Abstract

Postoperative delirium (POD) is a common and severe complication in elderly patients with hip fractures. Identifying high-risk patients with POD can help improve the outcome of patients with hip fractures. We conducted a retrospective study on elderly patients (≥65 years of age) who underwent orthopedic surgery with hip fracture between January 2014 and August 2019. Conventional logistic regression and five machine-learning algorithms were used to construct prediction models of POD. A nomogram for POD prediction was built with the logistic regression method. The area under the receiver operating characteristic curve (AUC-ROC), accuracy, sensitivity, and precision were calculated to evaluate different models. Feature importance of individuals was interpreted using Shapley Additive Explanations (SHAP). About 797 patients were enrolled in the study, with the incidence of POD at 9.28% (74/797). The age, renal insufficiency, chronic obstructive pulmonary disease (COPD), use of antipsychotics, lactate dehydrogenase (LDH), and C-reactive protein are used to build a nomogram for POD with an AUC of 0.71. The AUCs of five machine-learning models are 0.81 (Random Forest), 0.80 (GBM), 0.68 (AdaBoost), 0.77 (XGBoost), and 0.70 (SVM).

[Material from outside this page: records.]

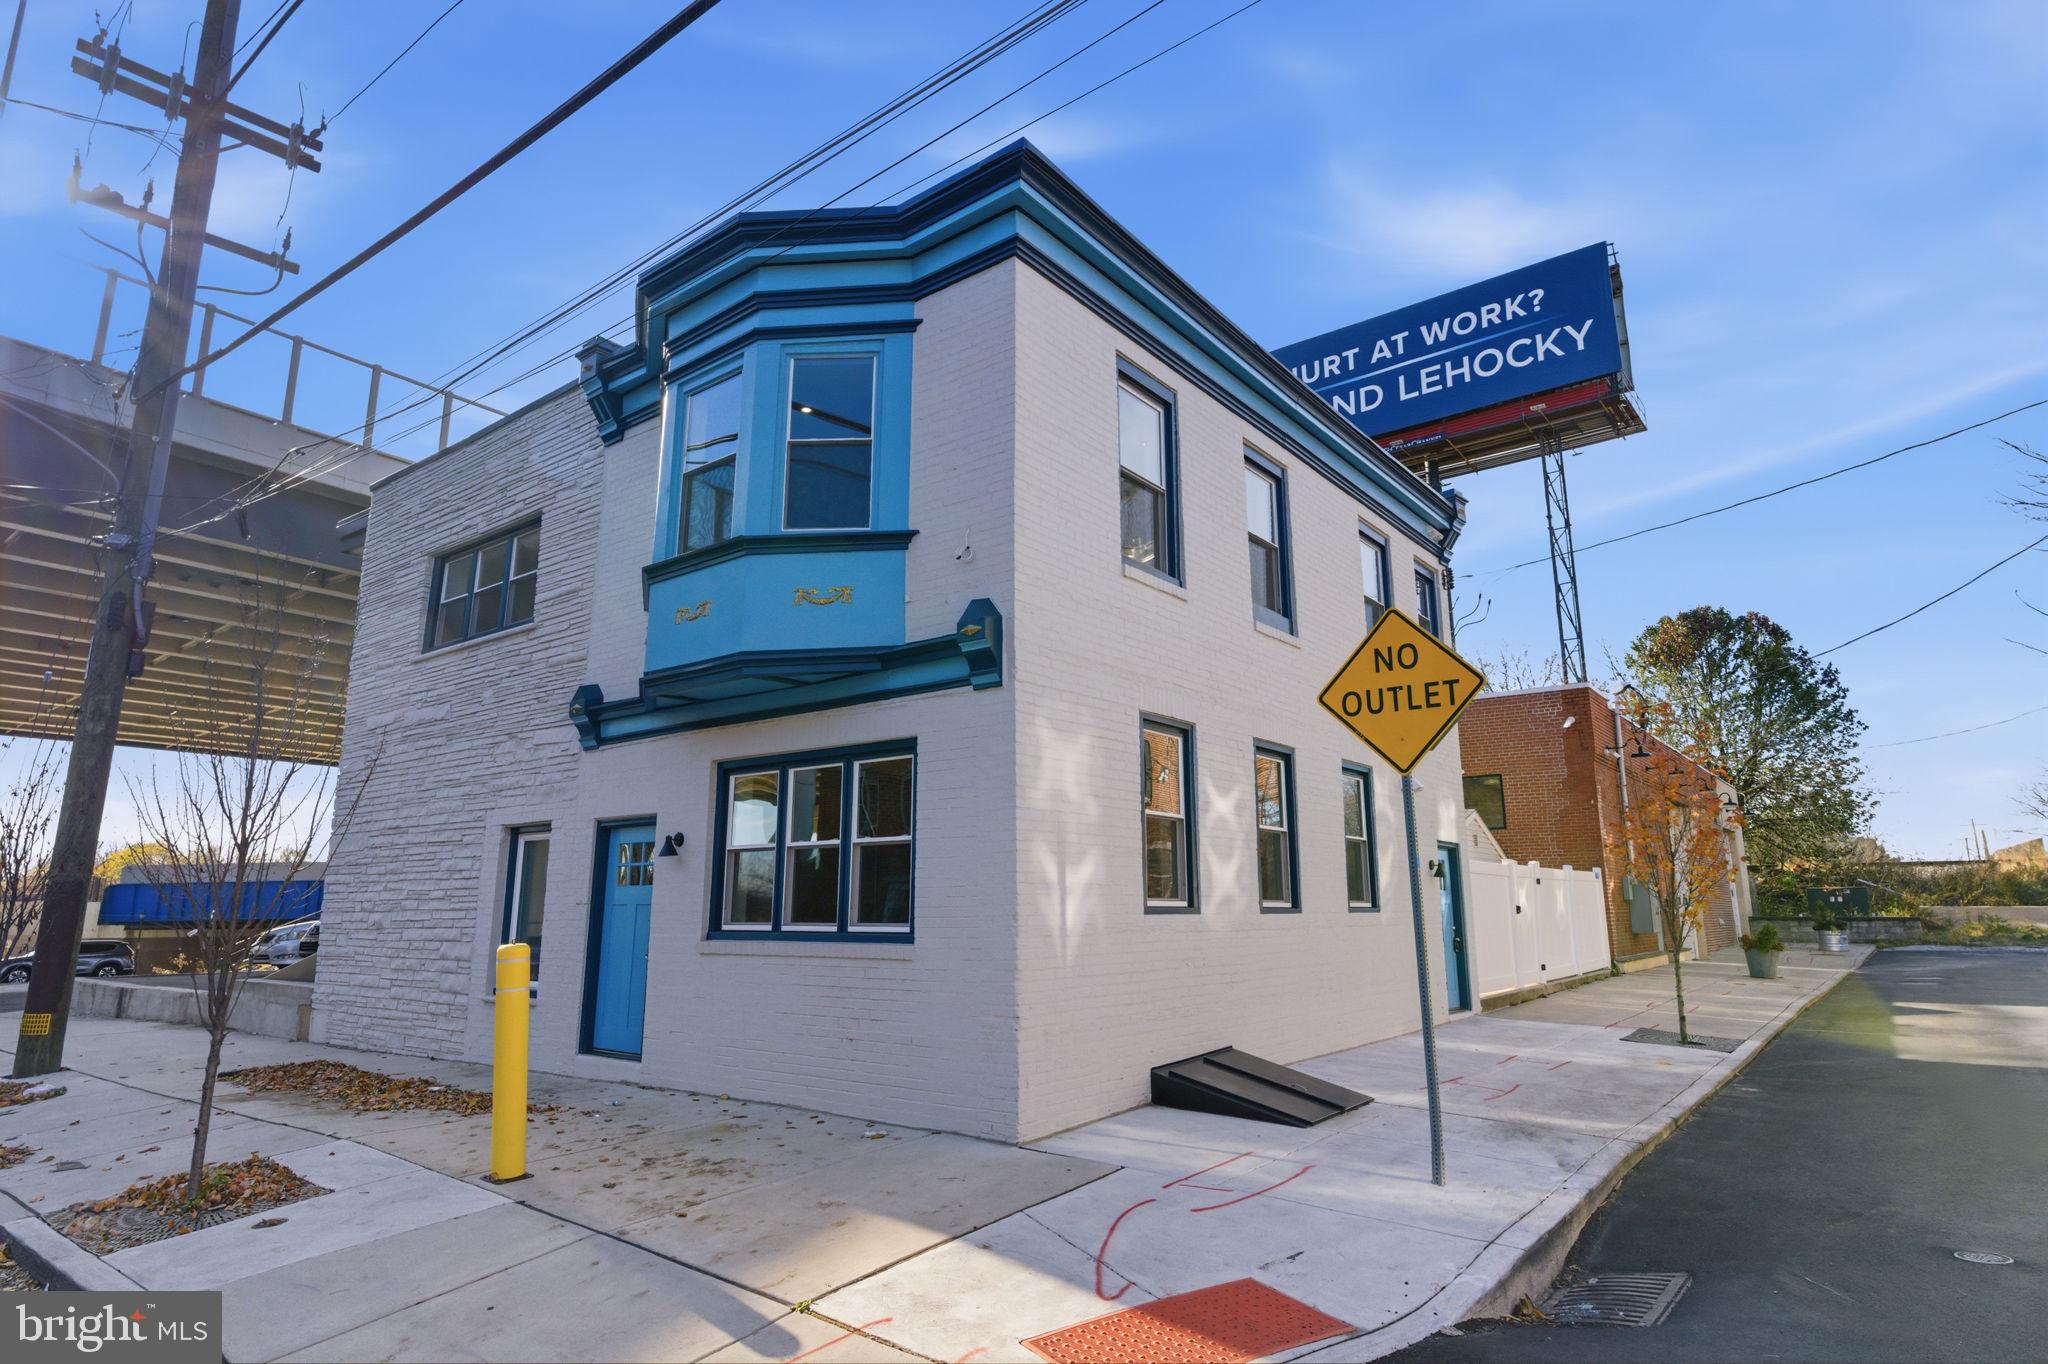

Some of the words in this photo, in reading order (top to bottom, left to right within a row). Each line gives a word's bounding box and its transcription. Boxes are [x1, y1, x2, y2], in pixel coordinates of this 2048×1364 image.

[1370, 331, 1409, 364] AT
[1420, 288, 1545, 346] WORK?
[1332, 384, 1384, 416] ND
[1398, 318, 1594, 402] LEHOCKY
[1373, 643, 1419, 673] NO
[1341, 679, 1460, 717] OUTLET

The sensitivities of the six models range from 68.8% (logistic regression and SVM) to 91.9% (Random Forest). The precisions of the six machine-learning models range from 18.3% (logistic regression) to 67.8% (SVM). Six prediction models of POD in patients with hip fractures were constructed using logistic regression and five machine-learning algorithms. The application of machine-learning algorithms could provide convenient POD risk stratification to benefit elderly hip fracture patients.